The show tries to present these as skills one can learn, which is what leads me to the movie logic assumption, but we all know how incredibly false that is. A sense of smell that strong is in the biological integrity of the nose, and then to categorize all the different scents over time requires an incredible memory. Humans are not ordinarily built for such sensitivity, and that includes our lips and tongue.

Then the abilities get even weirder in the BLUE arc. Replacing Azami, his illegitimate son Asahi becomes the main antagonist. His ability is called Cross Knives, which lets him increase his cooking skill by using the tools of the opponents he defeats. He ‘absorbs the essence’ contained within them. The more he wins, the stronger he becomes.

Up until this point, you could argue for movie logic, but the final arc went full-on fantasy here. In fact, it’s often cited as where the story goes downhill in terms of quality by the fanbase. The conflict just becomes more absurd than what they signed up for, and that’s quite an accomplishment considering it’s a Shonen.

Random Thoughts

  1. Aside from Isami, every single character in this series is at peak physical condition with little to no body fat. Look, I know that as a Shonen series (and an Ecchi one), Food Wars! would have characters that look like this. The problem is that most Shonen also have characters doing physical activity for 10 hours a day and its sort of justifiable to have that. But chefs? People who constantly eat the food they create for testing, opponent’s food just for research, or act as judges eating student’s food should not be this fit. During tournament arcs, the judges eat multiple meals per day. There’s also no indication that any of these calories are being worked off. I understand that I should be suspending my disbelief for eye candy. Believe me, I know it’s not that deep, but this specific scenario makes even less sense than usual.
  2. What is it with Japanese media and student councils? The fact that Senzaimon was ousted as the director by the votes of students just does not make sense to me. Even funnier that Erina becomes director despite still being a student herself. How exactly does this work?
  3. Just to be clear, I actually like this series, though I’d have to agree that it gets worse after Azami’s defeat. A lot of buildup does not get any payoff. Still, this show did hit a good number of emotional beats for me, and I had fun watching it. I am the type of person to pick apart the things I like just as equally as what I dislike. The only difference is what I’m willing to forgive. Good ‘ol subjectivity.

Conclusion

I don’t think saying “haha Food Wars! was Fantasy all along!” is a very meaningful statement to make. It’s easy to argue just because of the creative direction the series went in. But the statement Food Wars! is the perfect example of realism in Shonen falling apart” is. When concerning the target demographic: battle themes, strong visuals, and the like; an ordinary foundation for the plot like cooking isn’t going to cut it. The power creep accelerated past what a normal cooking show could provide and introduced superhuman powers. Even magic. It also did not attempt to weigh any actual objectivity in making objective statements, because to do that would be boring to watch.

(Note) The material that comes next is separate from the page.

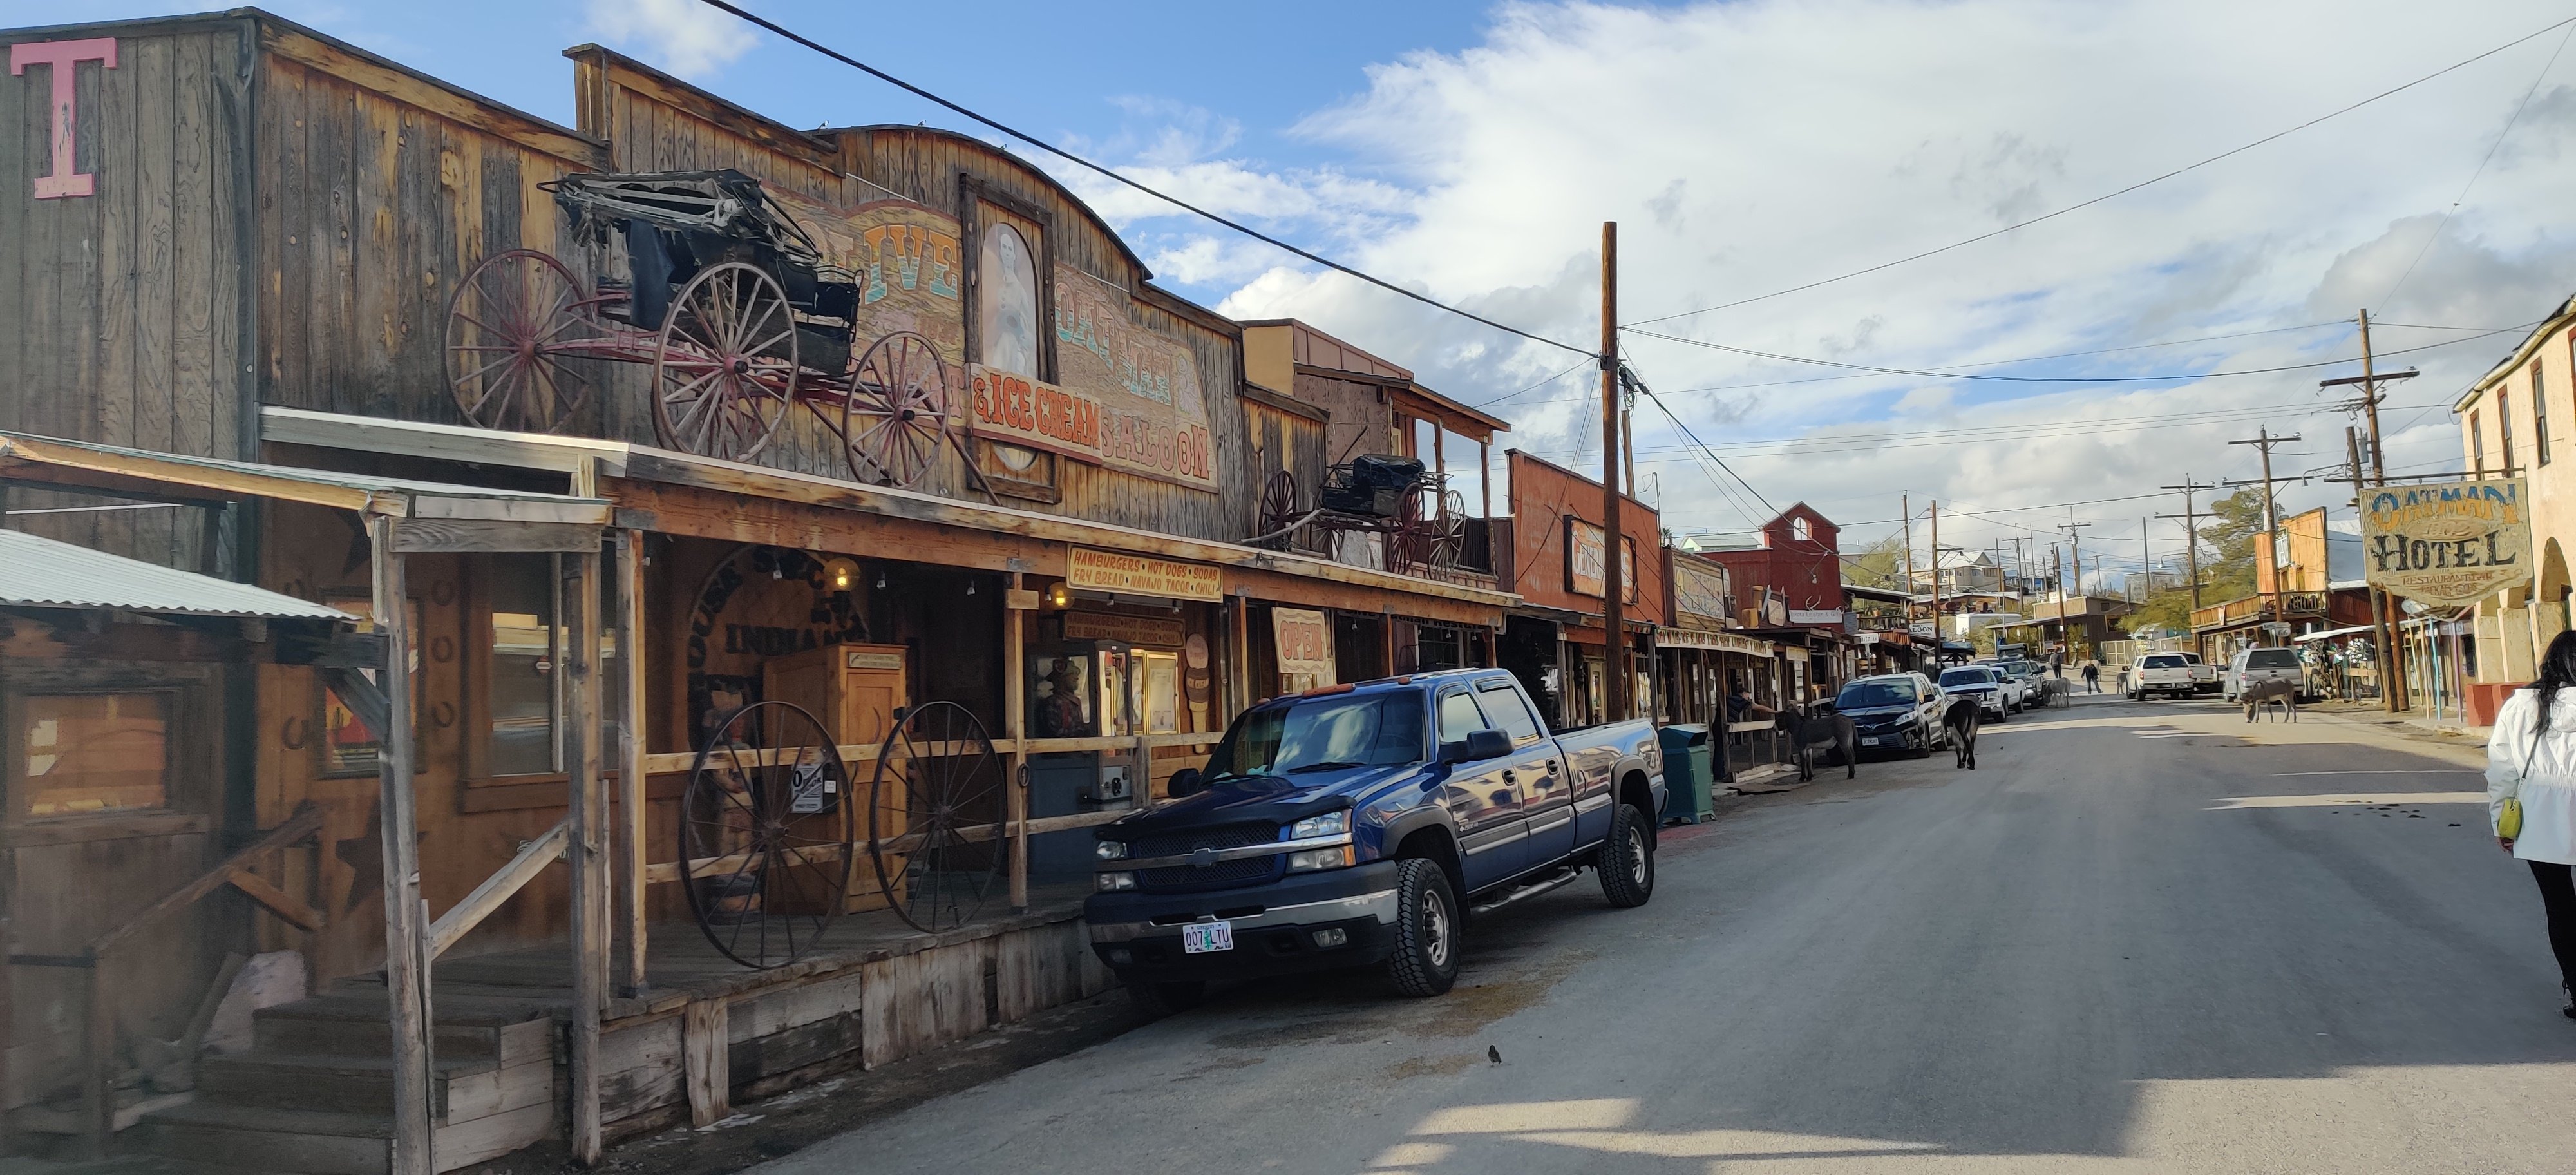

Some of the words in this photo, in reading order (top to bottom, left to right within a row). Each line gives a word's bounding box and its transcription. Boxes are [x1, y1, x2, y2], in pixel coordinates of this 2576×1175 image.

In the end, do we as the viewer care about who is the better chef? No. We want to see the main character progress in their struggle. We want to see conflict. We want to see them win. It boils down to why we don’t see Pikachu thunder bolting water types repeatedly. It’s not fun to watch, despite how smart the strategy is. Food Wars! is dumb, but it’s the kind of dumb I can forgive.

There definitely are Shonen that fall out of these tendencies, and even ones that lean more on realism, but (based on my own opinion here) perhaps they aren’t all that popular because those elements are conflicting with one another. All of the well-known Shonen have the same things in common. Fantasy simply brings out Shonen themes in the most effective manner.